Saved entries
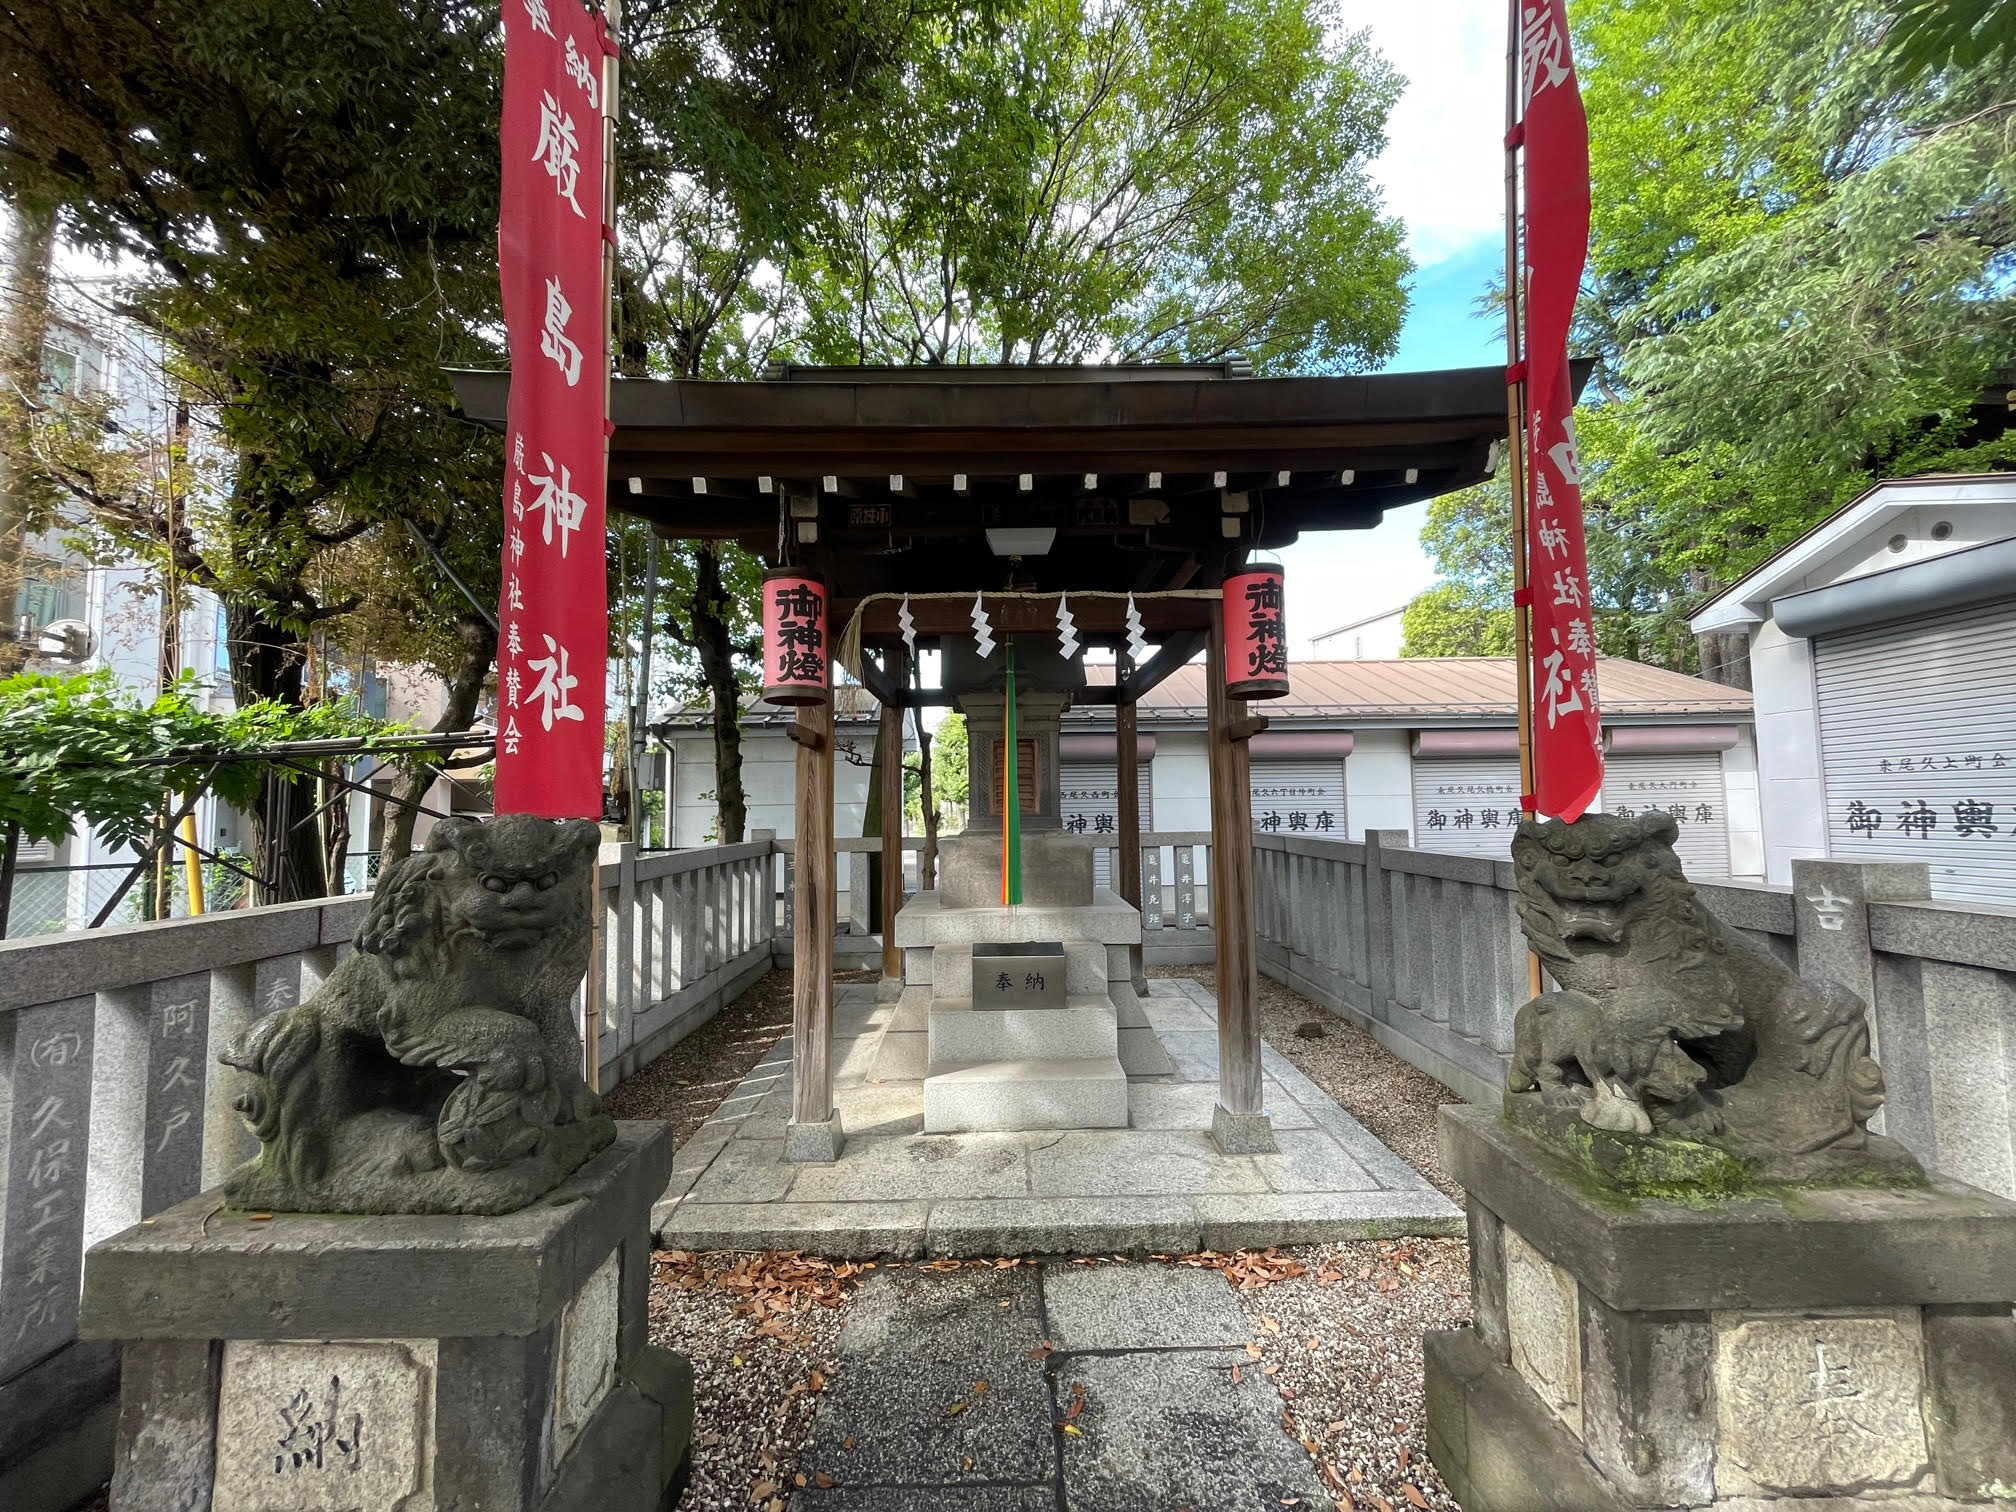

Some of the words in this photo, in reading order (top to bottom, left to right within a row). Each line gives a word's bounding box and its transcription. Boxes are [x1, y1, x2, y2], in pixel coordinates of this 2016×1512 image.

[524, 89, 588, 732] 厳島神社
[503, 432, 527, 755] 厳島神社奉賛会
[774, 583, 825, 683] 御神燈
[1616, 802, 1715, 824] 御輿庫
[1845, 799, 2016, 841] 御神輿
[1805, 884, 1854, 931] 吉
[995, 970, 1045, 992] 奉納
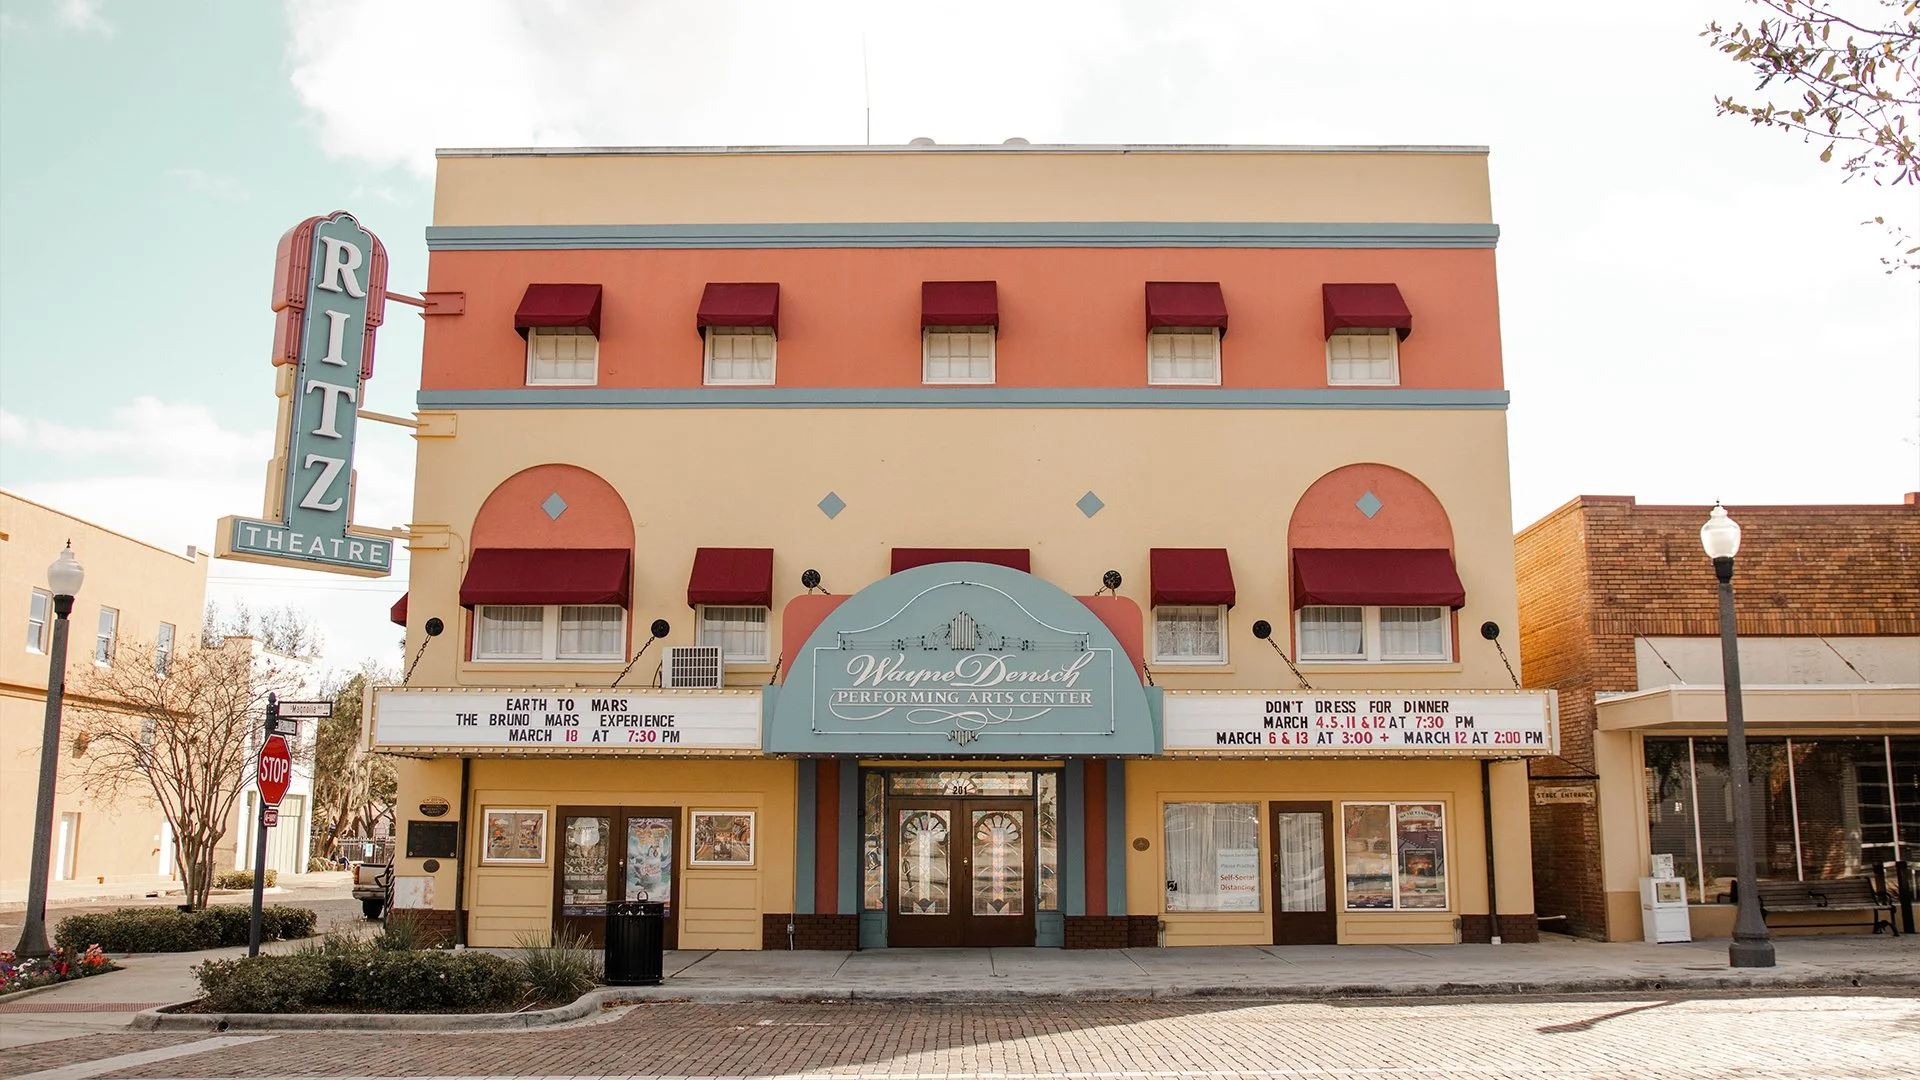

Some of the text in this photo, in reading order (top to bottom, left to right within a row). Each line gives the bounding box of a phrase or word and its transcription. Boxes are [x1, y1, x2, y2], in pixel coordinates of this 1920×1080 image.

[300, 235, 366, 512] RITZ
[246, 526, 383, 564] THEATRE
[846, 650, 1095, 688] Wayne Densch
[838, 691, 1092, 704] PERFORMING ARTS CENTER
[506, 698, 628, 712] EARTH TO MARS
[1265, 701, 1449, 713] DON'T DRESS FOR DINNER
[456, 714, 675, 727] THE BRUNO MARS EXPERIENCE
[1263, 716, 1308, 728] MARCH
[1361, 716, 1370, 728] &
[1373, 716, 1385, 728] 12
[1389, 716, 1406, 728] AT
[1415, 716, 1444, 728] 7:30
[1455, 716, 1474, 728] PM
[508, 729, 680, 742] MARCH 18 AT 7:30 PM
[1216, 732, 1262, 744] MARCH
[1268, 732, 1276, 744] 6
[1281, 732, 1290, 744] &
[1296, 732, 1308, 744] 13
[1317, 732, 1334, 744] AT
[1342, 732, 1373, 744] 3:00
[1404, 732, 1451, 744] MARCH
[1455, 732, 1468, 744] 12
[1472, 732, 1489, 744] AT
[1494, 732, 1521, 744] 2:00
[1525, 732, 1543, 744] PM
[261, 756, 288, 783] STOP
[952, 785, 968, 795] 201
[1220, 873, 1255, 881] Self-Social
[1220, 884, 1256, 893] Distancing

ABOUT THIS EXERCISE:
Output the records above exactly; leave out the pictures.

EXPECTED ANSWER:
Some of the words in this photo, in reading order (top to bottom, left to right within a row). Each line gives a word's bounding box and its transcription. Boxes are [x1, y1, x2, y2], in pixel coordinates of this 2016×1512 image.

[524, 89, 588, 732] 厳島神社
[503, 432, 527, 755] 厳島神社奉賛会
[774, 583, 825, 683] 御神燈
[1616, 802, 1715, 824] 御輿庫
[1845, 799, 2016, 841] 御神輿
[1805, 884, 1854, 931] 吉
[995, 970, 1045, 992] 奉納

Some of the text in this photo, in reading order (top to bottom, left to right within a row). Each line gives the bounding box of a phrase or word and its transcription. Boxes are [x1, y1, x2, y2], in pixel coordinates of this 1920×1080 image.

[300, 235, 366, 512] RITZ
[246, 526, 383, 564] THEATRE
[846, 650, 1095, 688] Wayne Densch
[838, 691, 1092, 704] PERFORMING ARTS CENTER
[506, 698, 628, 712] EARTH TO MARS
[1265, 701, 1449, 713] DON'T DRESS FOR DINNER
[456, 714, 675, 727] THE BRUNO MARS EXPERIENCE
[1263, 716, 1308, 728] MARCH
[1361, 716, 1370, 728] &
[1373, 716, 1385, 728] 12
[1389, 716, 1406, 728] AT
[1415, 716, 1444, 728] 7:30
[1455, 716, 1474, 728] PM
[508, 729, 680, 742] MARCH 18 AT 7:30 PM
[1216, 732, 1262, 744] MARCH
[1268, 732, 1276, 744] 6
[1281, 732, 1290, 744] &
[1296, 732, 1308, 744] 13
[1317, 732, 1334, 744] AT
[1342, 732, 1373, 744] 3:00
[1404, 732, 1451, 744] MARCH
[1455, 732, 1468, 744] 12
[1472, 732, 1489, 744] AT
[1494, 732, 1521, 744] 2:00
[1525, 732, 1543, 744] PM
[261, 756, 288, 783] STOP
[952, 785, 968, 795] 201
[1220, 873, 1255, 881] Self-Social
[1220, 884, 1256, 893] Distancing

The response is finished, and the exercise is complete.